(Images for object localization):
^^^^^^^^^^^^^^^^

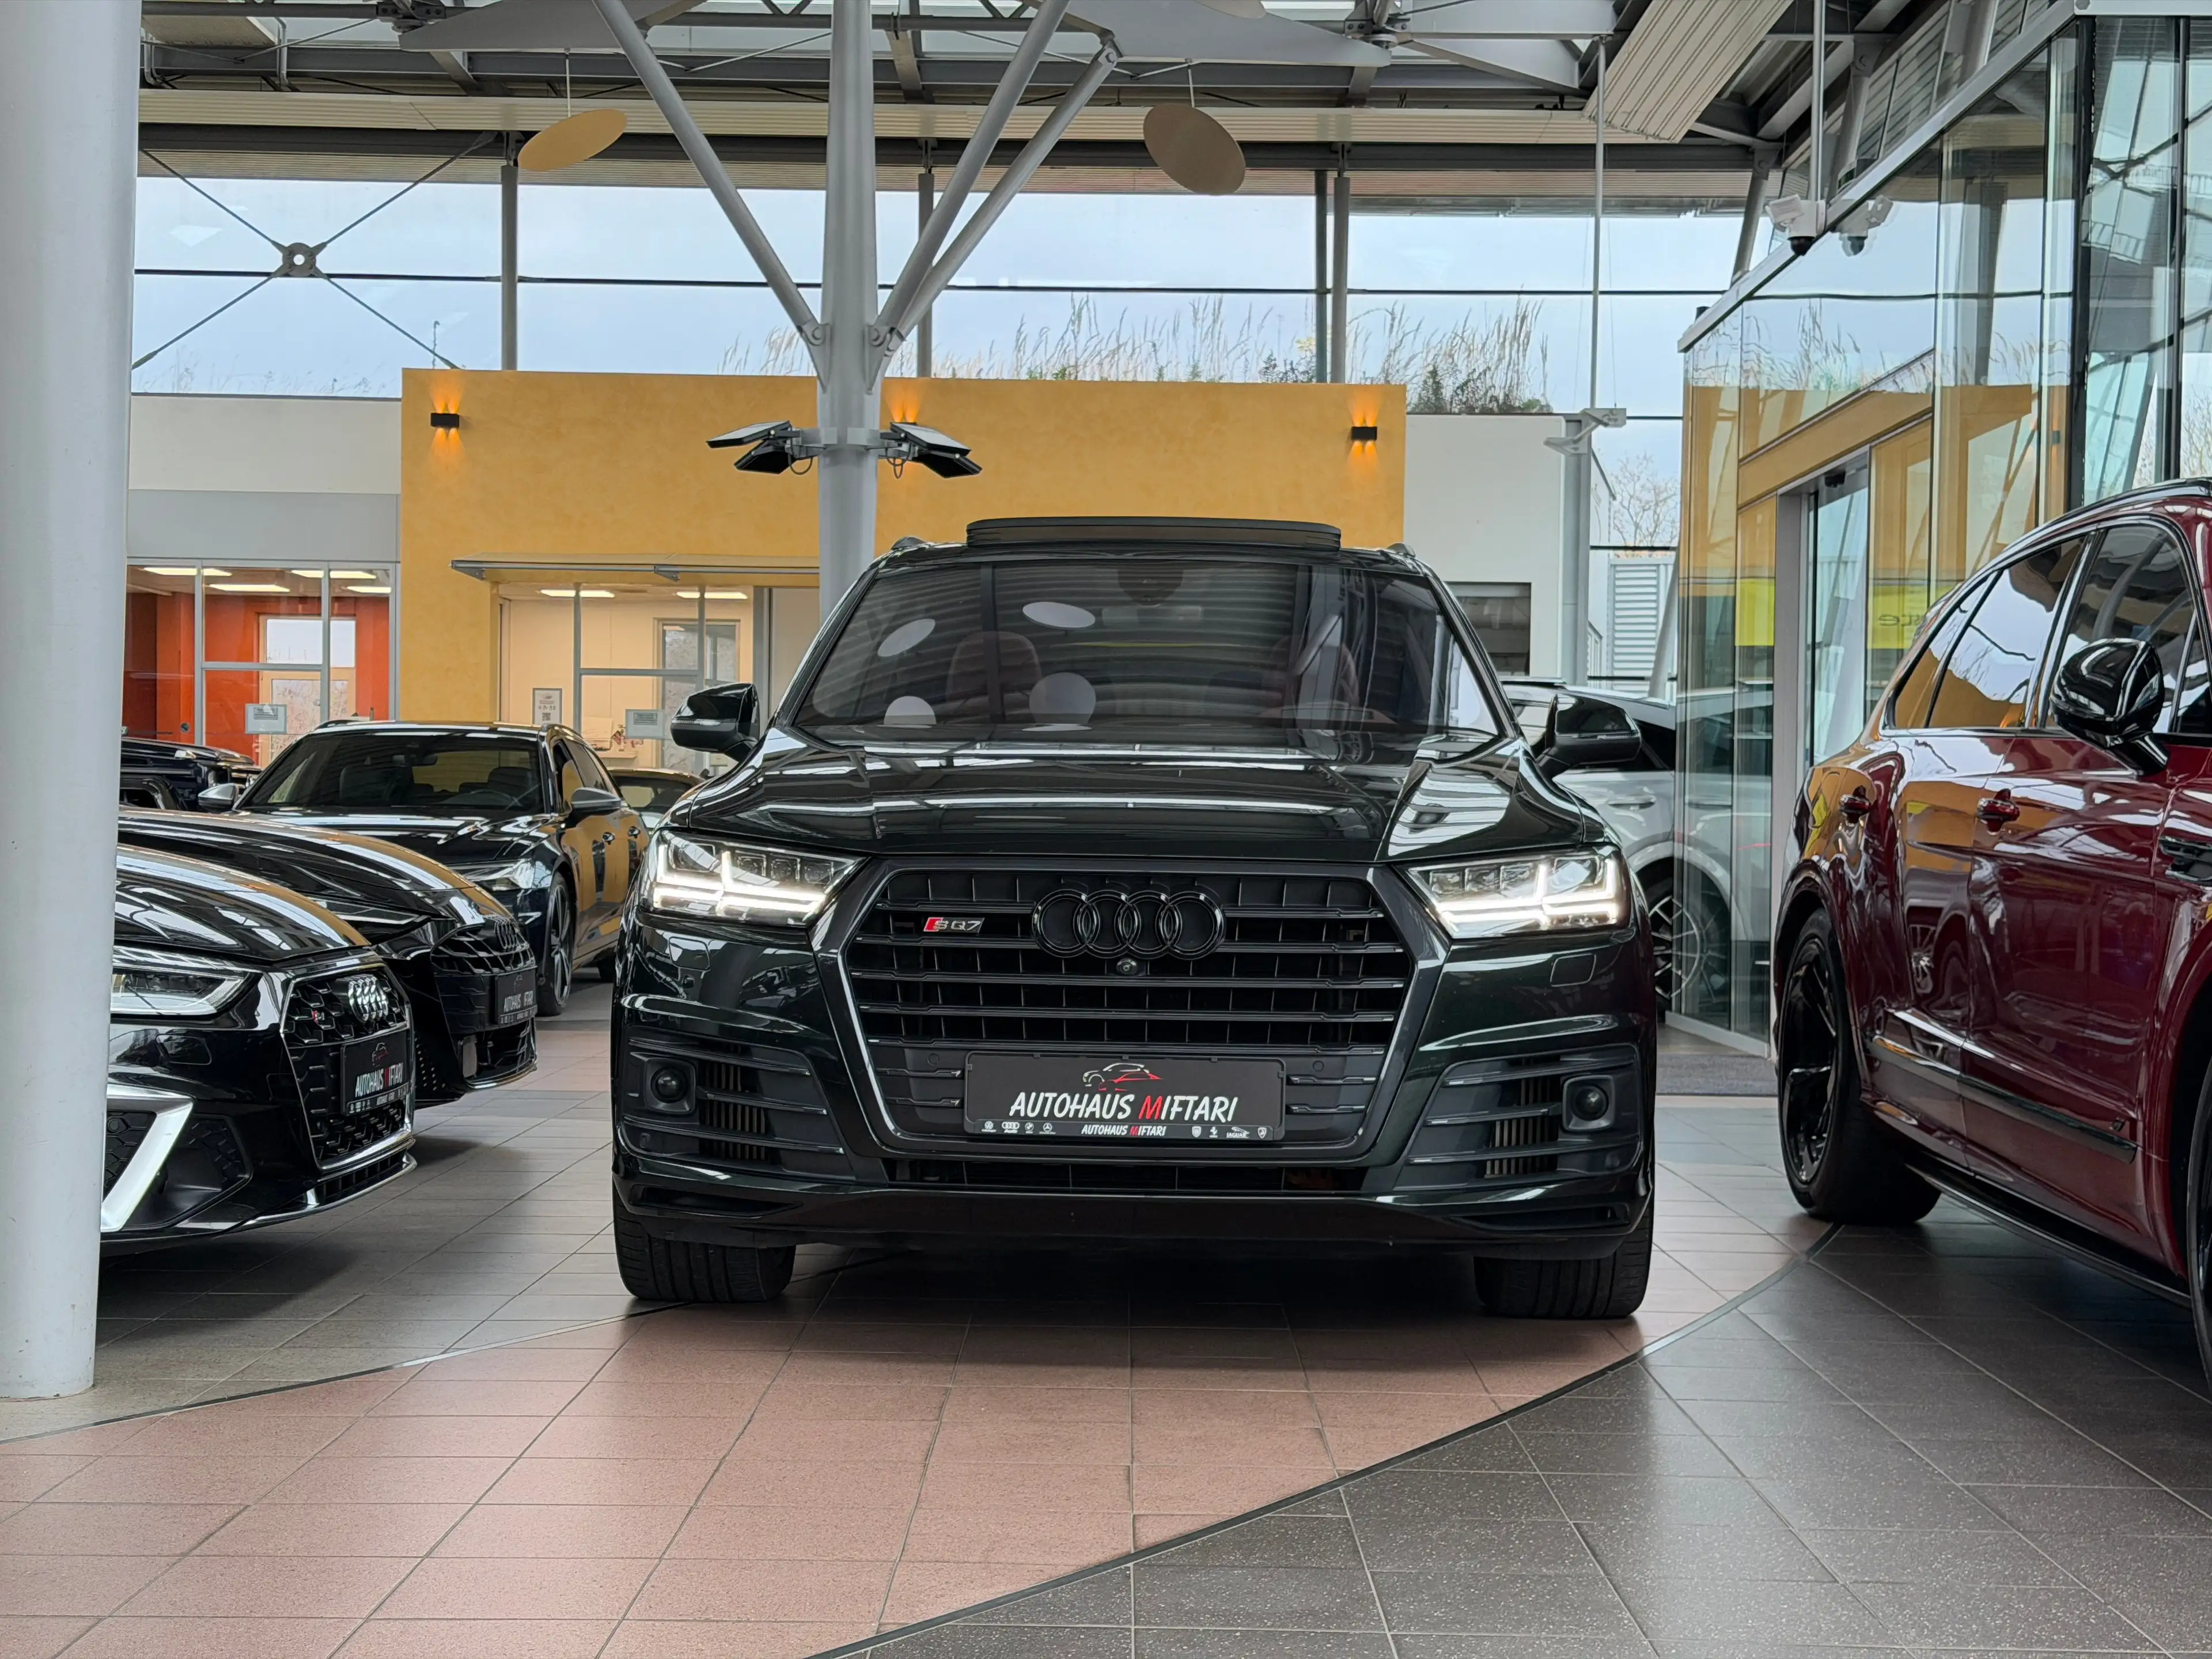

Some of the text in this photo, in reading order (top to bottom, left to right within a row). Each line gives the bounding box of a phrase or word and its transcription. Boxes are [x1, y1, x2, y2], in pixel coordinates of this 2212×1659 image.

[933, 920, 982, 931] SQ7
[355, 1068, 384, 1098] AUTOHAUS
[1009, 1091, 1238, 1123] AUTOHAUS MIFTARI
[1081, 1124, 1167, 1137] AUTOHAUS MIFTARI
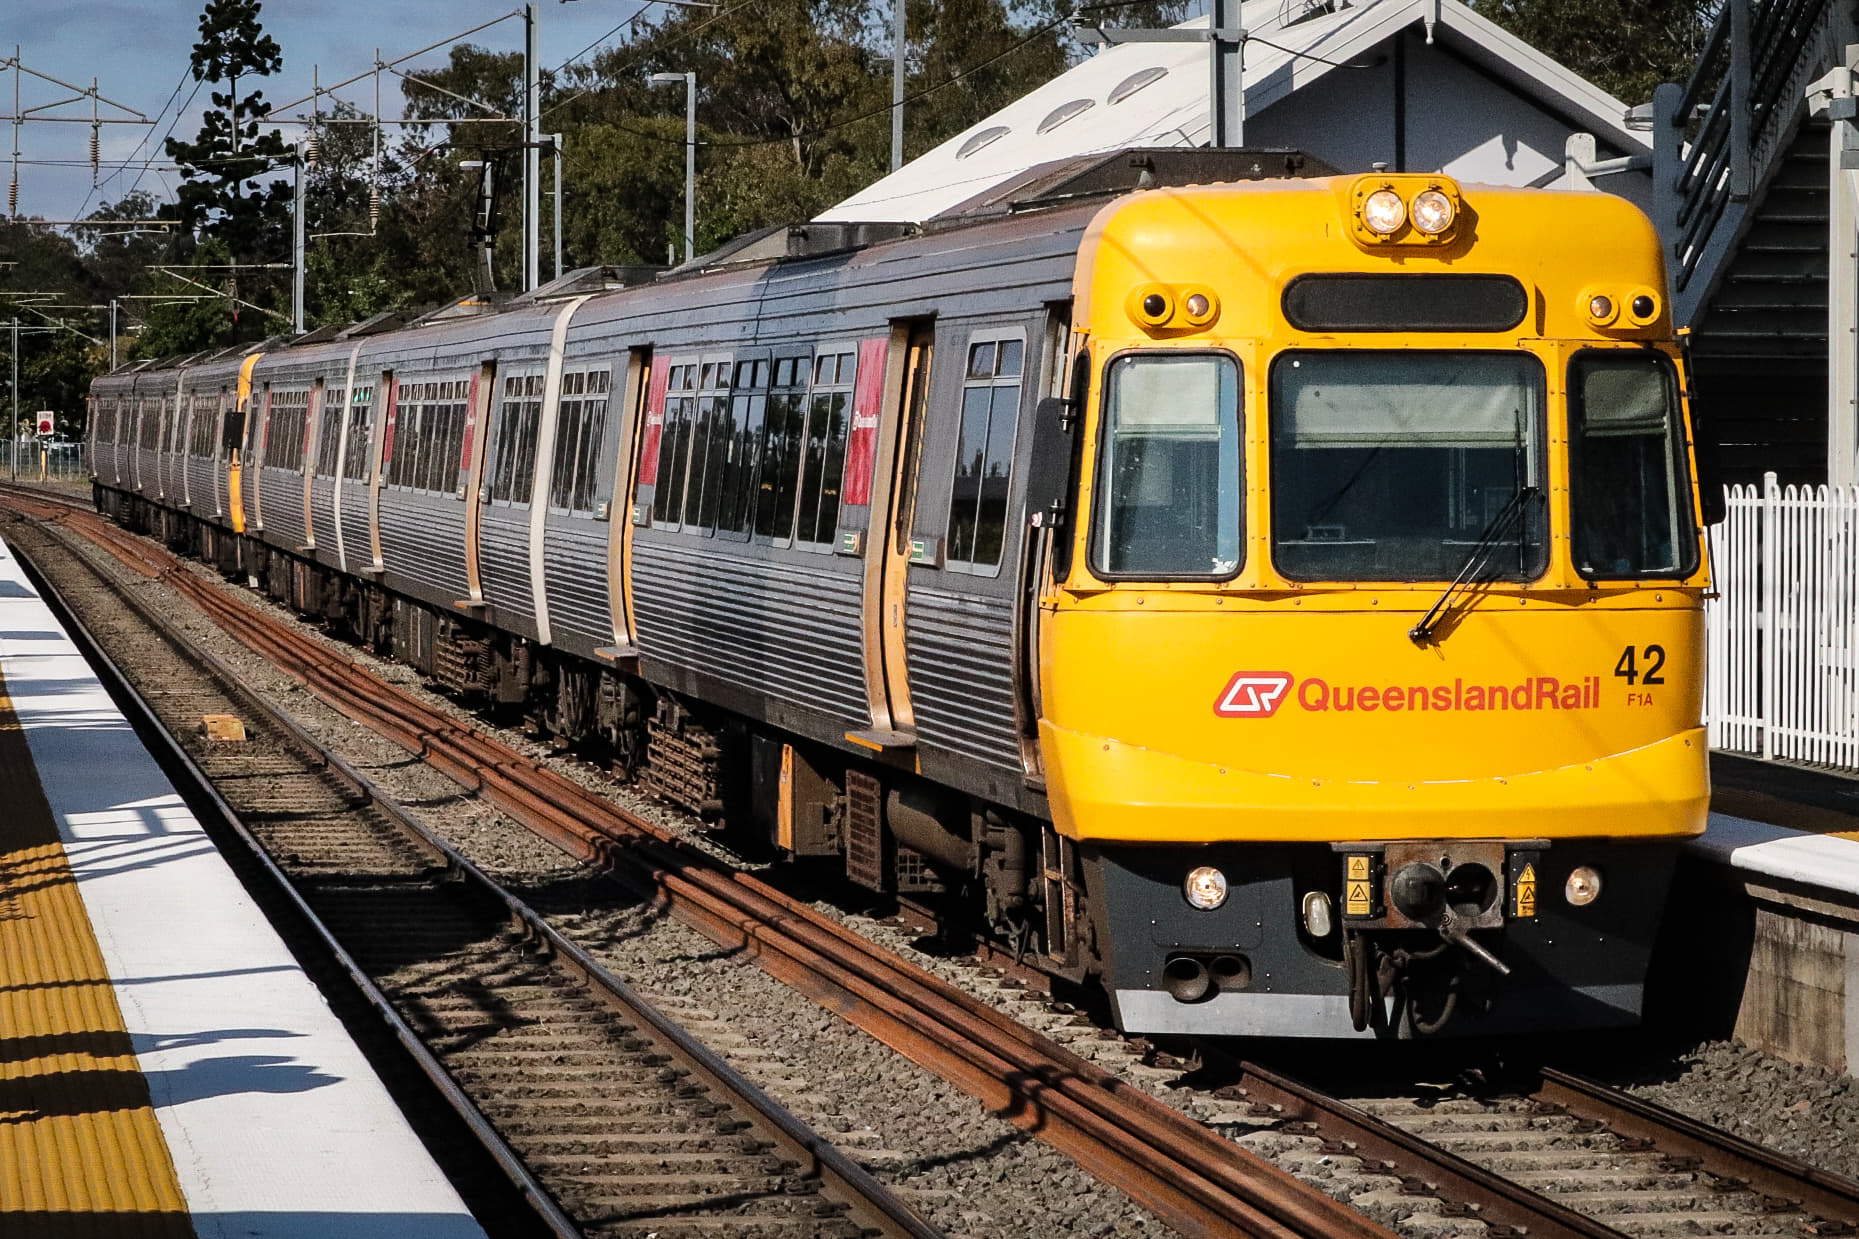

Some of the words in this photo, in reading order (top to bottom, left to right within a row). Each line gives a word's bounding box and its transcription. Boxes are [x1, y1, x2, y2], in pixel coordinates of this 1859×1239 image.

[1614, 644, 1666, 685] 42
[1297, 676, 1600, 712] QueenslandRail
[1627, 692, 1654, 706] F1A

^^^^^^^^^^^^^^^^

Return all records exactly; no pictures.

Some of the text in this photo, in reading order (top to bottom, left to right within a row). Each line gives the bounding box of a phrase or word and its transcription. Boxes are [x1, y1, x2, y2], in pixel coordinates of this 2212×1659 image.

[933, 920, 982, 931] SQ7
[355, 1068, 384, 1098] AUTOHAUS
[1009, 1091, 1238, 1123] AUTOHAUS MIFTARI
[1081, 1124, 1167, 1137] AUTOHAUS MIFTARI

Some of the words in this photo, in reading order (top to bottom, left to right within a row). Each line gives a word's bounding box and its transcription. Boxes are [x1, y1, x2, y2], in pixel coordinates of this 1859×1239 image.

[1614, 644, 1666, 685] 42
[1297, 676, 1600, 712] QueenslandRail
[1627, 692, 1654, 706] F1A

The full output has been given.